Teenager admits snatching baby

Hugh Dougherty12 April 2012

A teenager today pleaded guilty to snatching a new-born girl from the foot of her mother's bed in a hospital maternity ward.

Kelly Oldnall, 18, took two-day-old Elizabeth Rice - one of identical twins - from her cot as mother Deanne slept, prompting a massive police search which ended six hours later when police raided her home.

Today Oldnall was remanded in custody until July after pleading guilty at Wolverhampton Crown Court to taking the child from her mother's lawful control.

Oldnall's barrister, Anthonie Muller, told Judge Christopher Hodson that she had miscarried a baby before the abduction. He said: "She became pregnant, she didn't approach the medical authorities about her pregnancy, she miscarried. Although I am no psychiatrist, I imagine her condition is linked to this incident."

The teenager, from Pensnett, near Dudley in the West Midlands, made her way through lax security at Wordsley Hospital in Stourbridge on 6 May and lifted Elizabeth from her cot, leaving behind twin Susannah. Minutes later the alarm was raised and a huge police operation swung into action.

But it was a tip-off from one of Oldnall's neighbours which led to her arrest at her home on a council estate six miles from the hospital. Baby Elizabeth was reunited with her father, Richard, 30, within minutesof being found, a moment he described as "like winning the lottery".

The abduction came after Oldnall had claimed for many months that she was pregnant and that her baby was due in April. One neighbour said: "She said she had had a scan and it was a girl due in a few weeks' time. I was suspicious straight away because although she is a big girl, she did not look pregnant."

Oldnall also made these claims to a friend - the woman who had introduced her to her boyfriend, Geoffrey Booth, 52, whom she had met at the age of 16 and lived with for two years.

On 6 May, a bank holiday Monday, Oldnall realised her fantasy. While Richard Rice and dentist wife Deanne, 32, prepared to take home their new babies, sisters for 16-month-old Rebecca, Oldnall was telling a neighbour that she had had her baby.

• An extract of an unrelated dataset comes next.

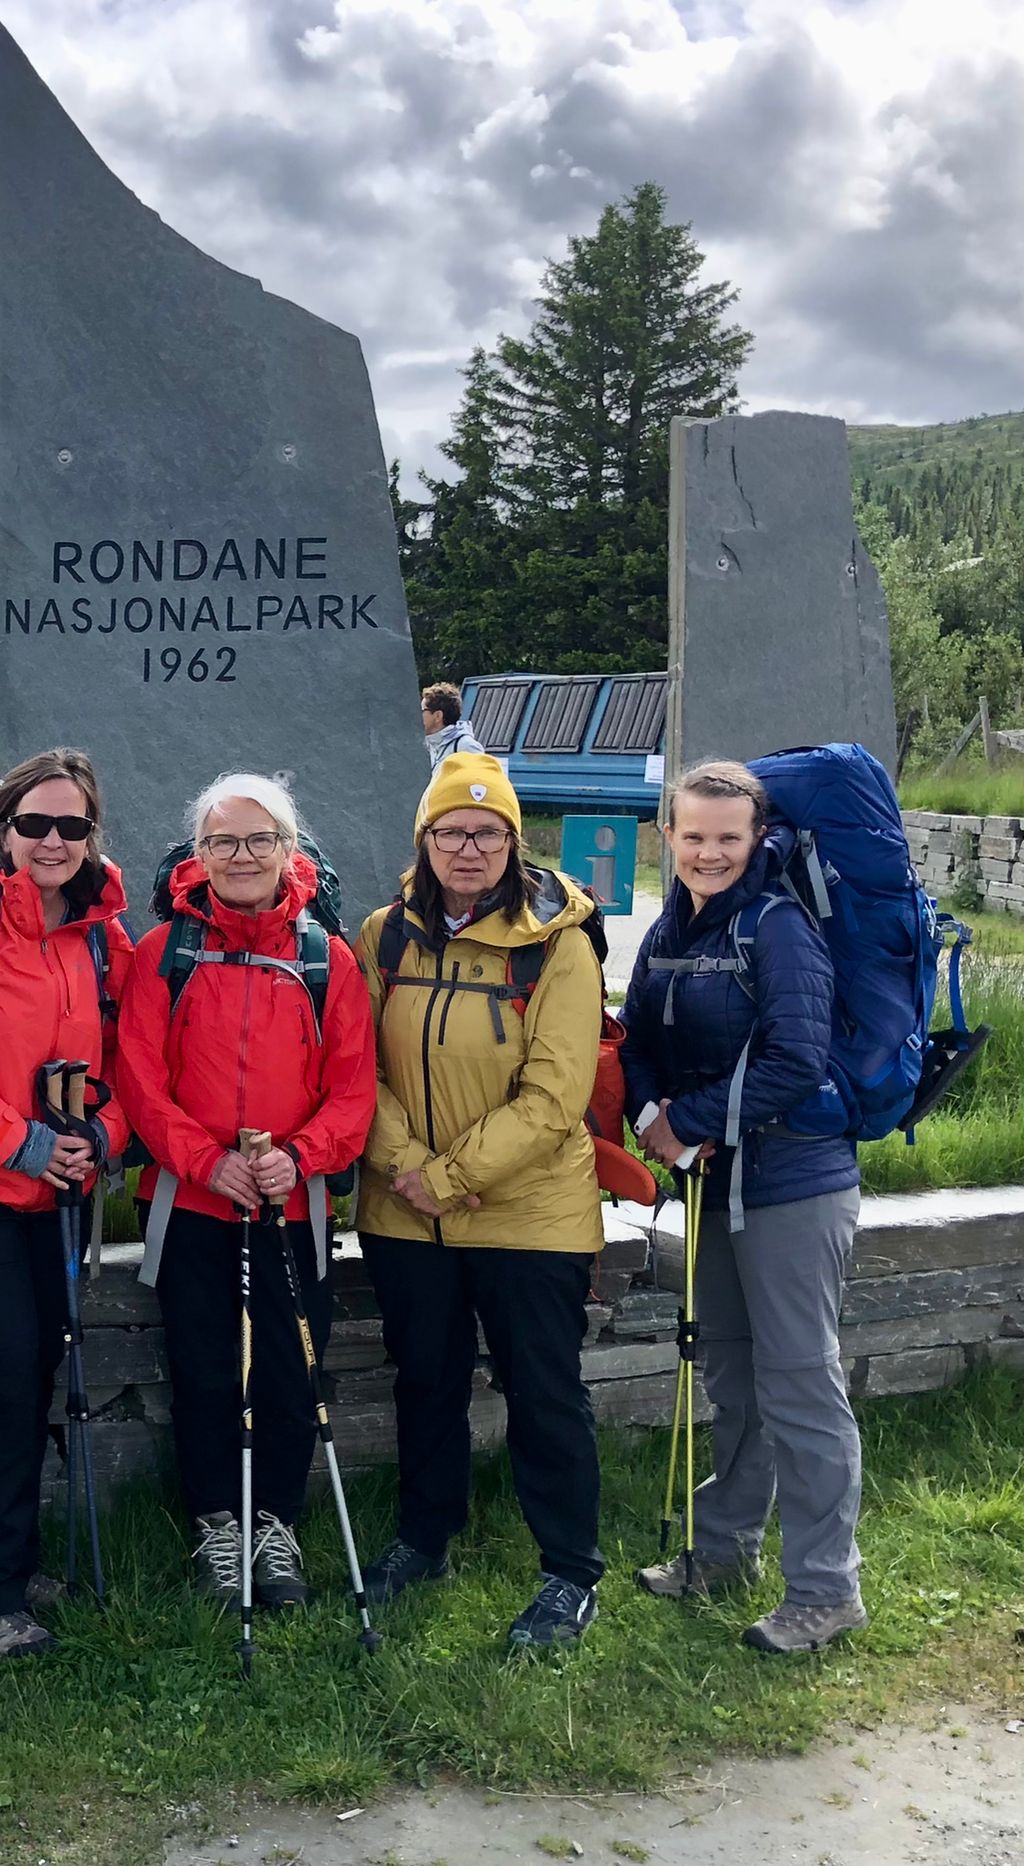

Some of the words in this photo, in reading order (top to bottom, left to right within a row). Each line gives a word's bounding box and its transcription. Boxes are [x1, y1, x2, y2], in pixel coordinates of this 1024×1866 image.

[52, 537, 328, 584] RONDANE
[5, 594, 379, 634] NASJONALPARK
[143, 647, 237, 682] 1962
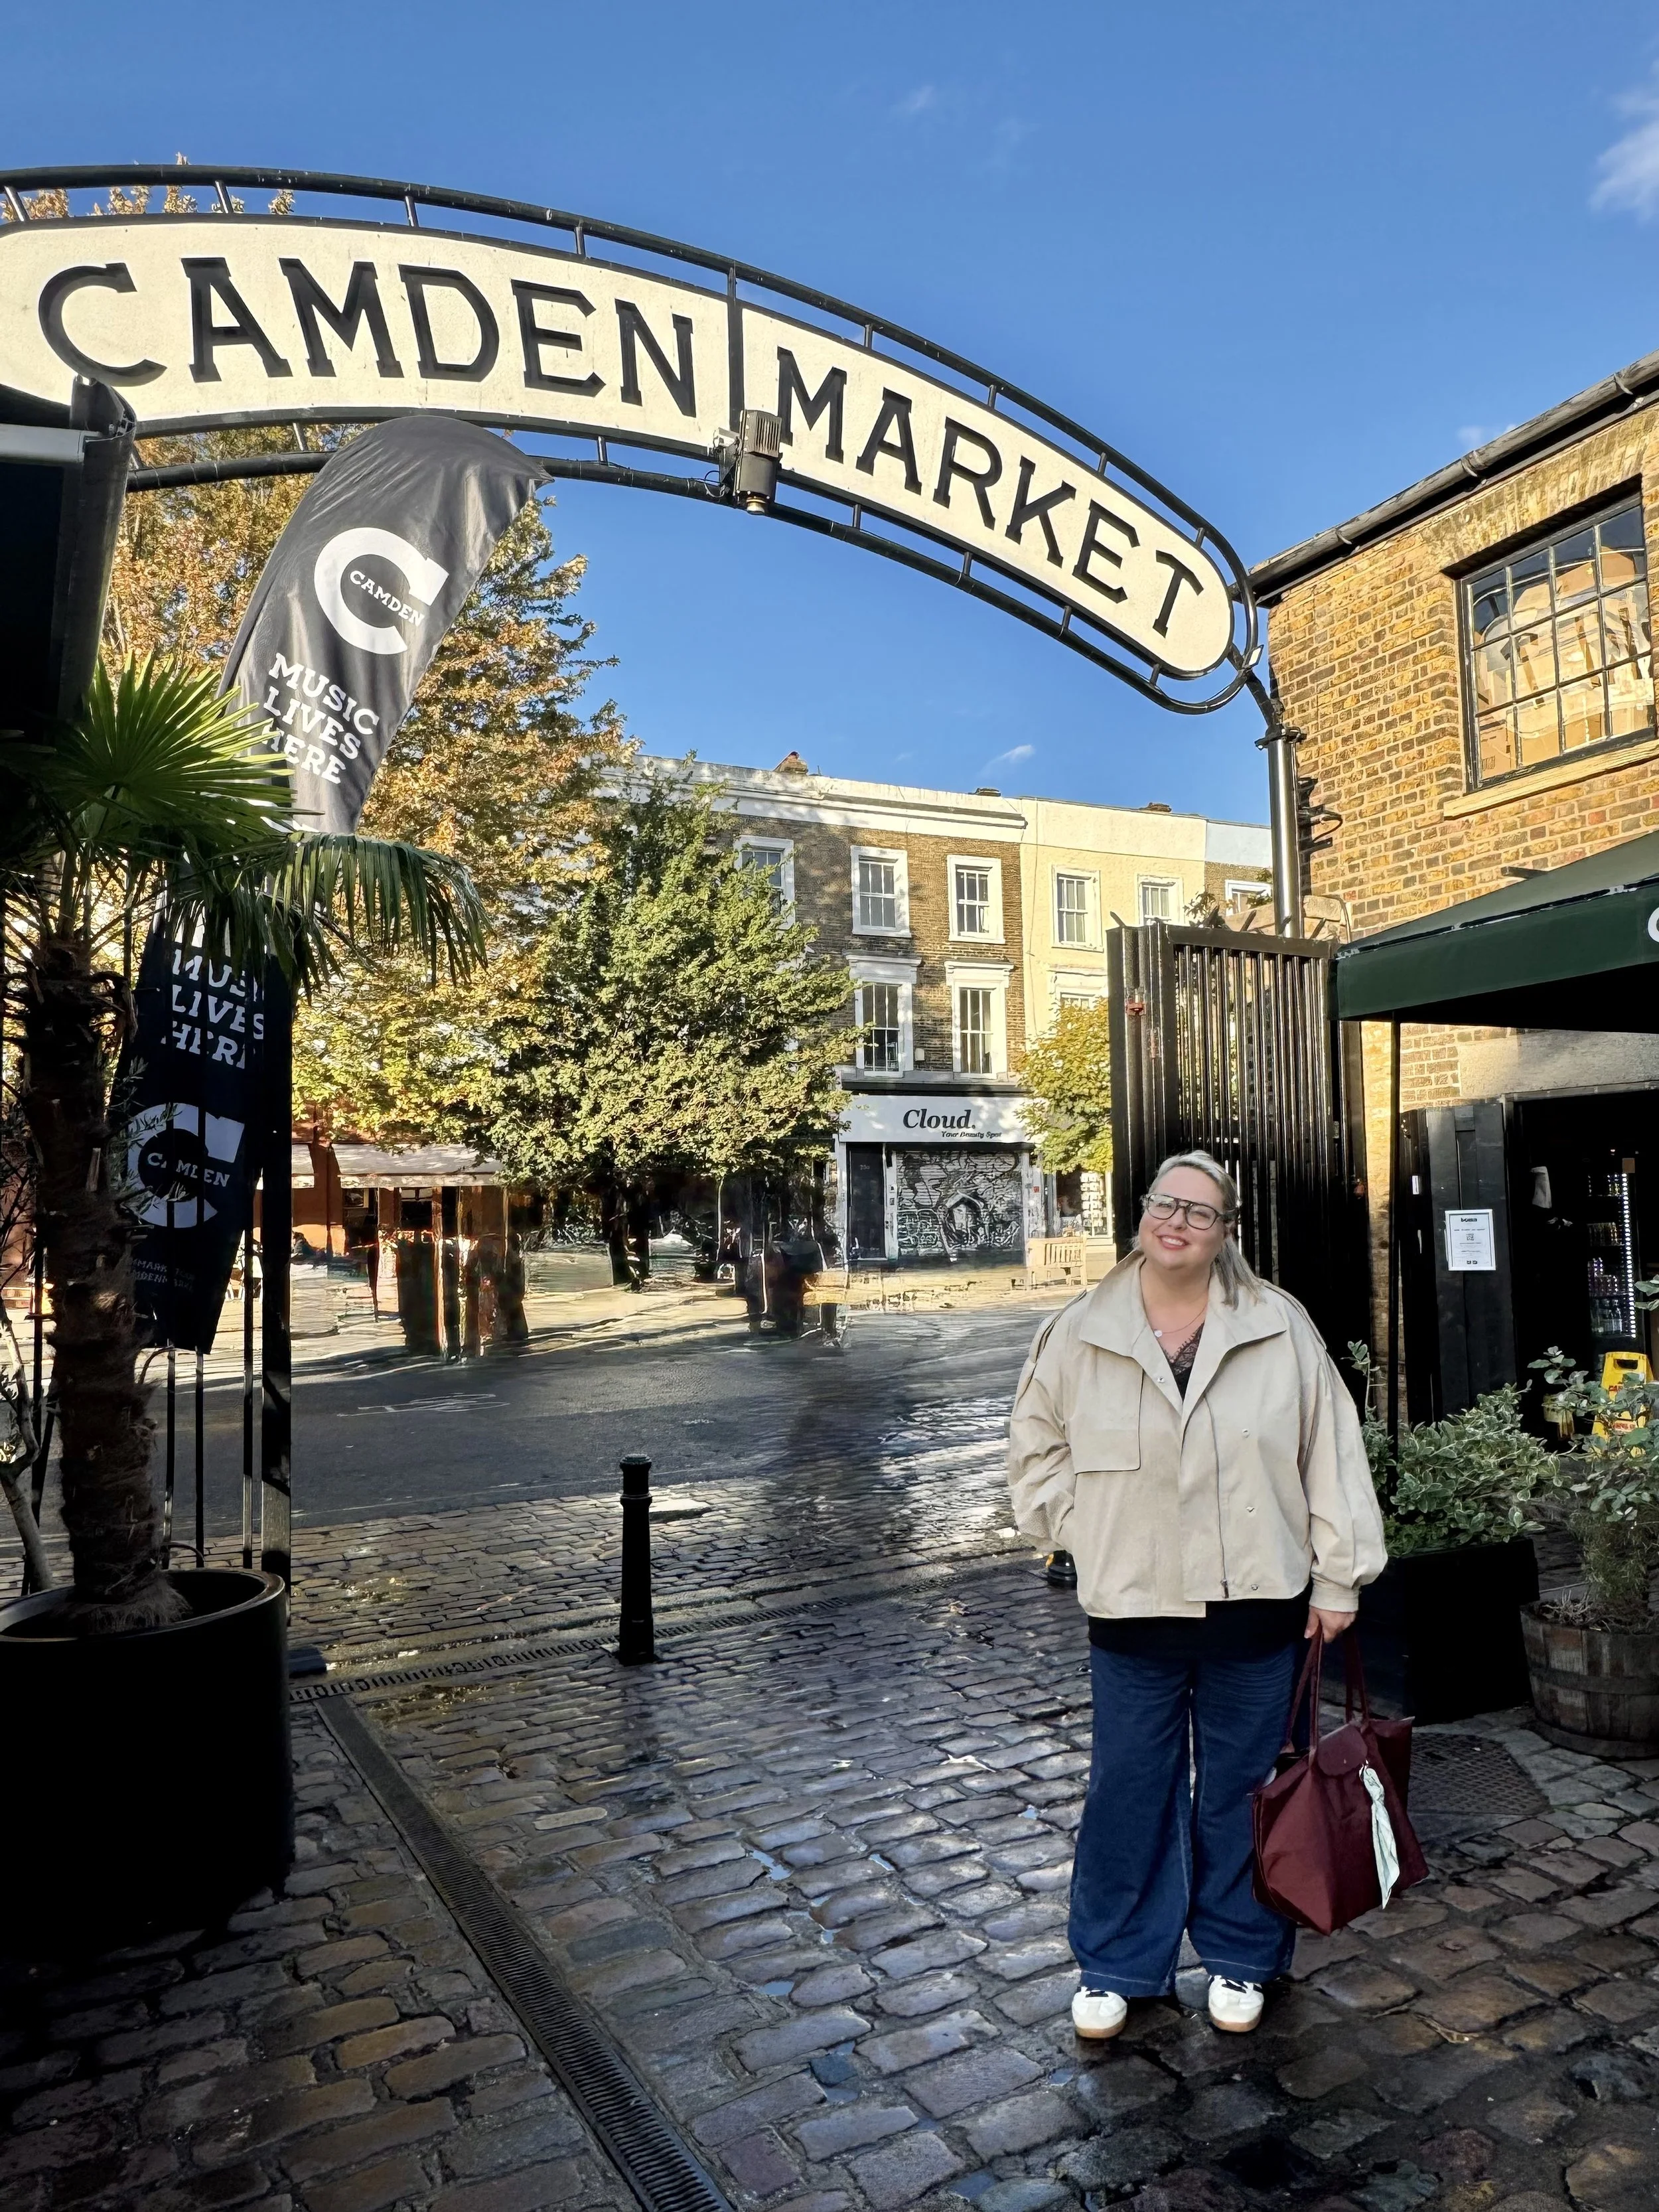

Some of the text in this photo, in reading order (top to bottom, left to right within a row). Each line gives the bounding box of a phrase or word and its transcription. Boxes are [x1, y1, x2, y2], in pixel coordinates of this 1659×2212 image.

The neighbour said: "She ran up all excited and said she had had the child and was picking her up later. She said the baby weighed 4lb and was in an incubator."

That afternoon Oldnall was seen pushing a pram in the street outside her sister's house, which she gave in court as her home address. Three hours later, a neighbour who had seen her phoned police after seeing an appeal on television.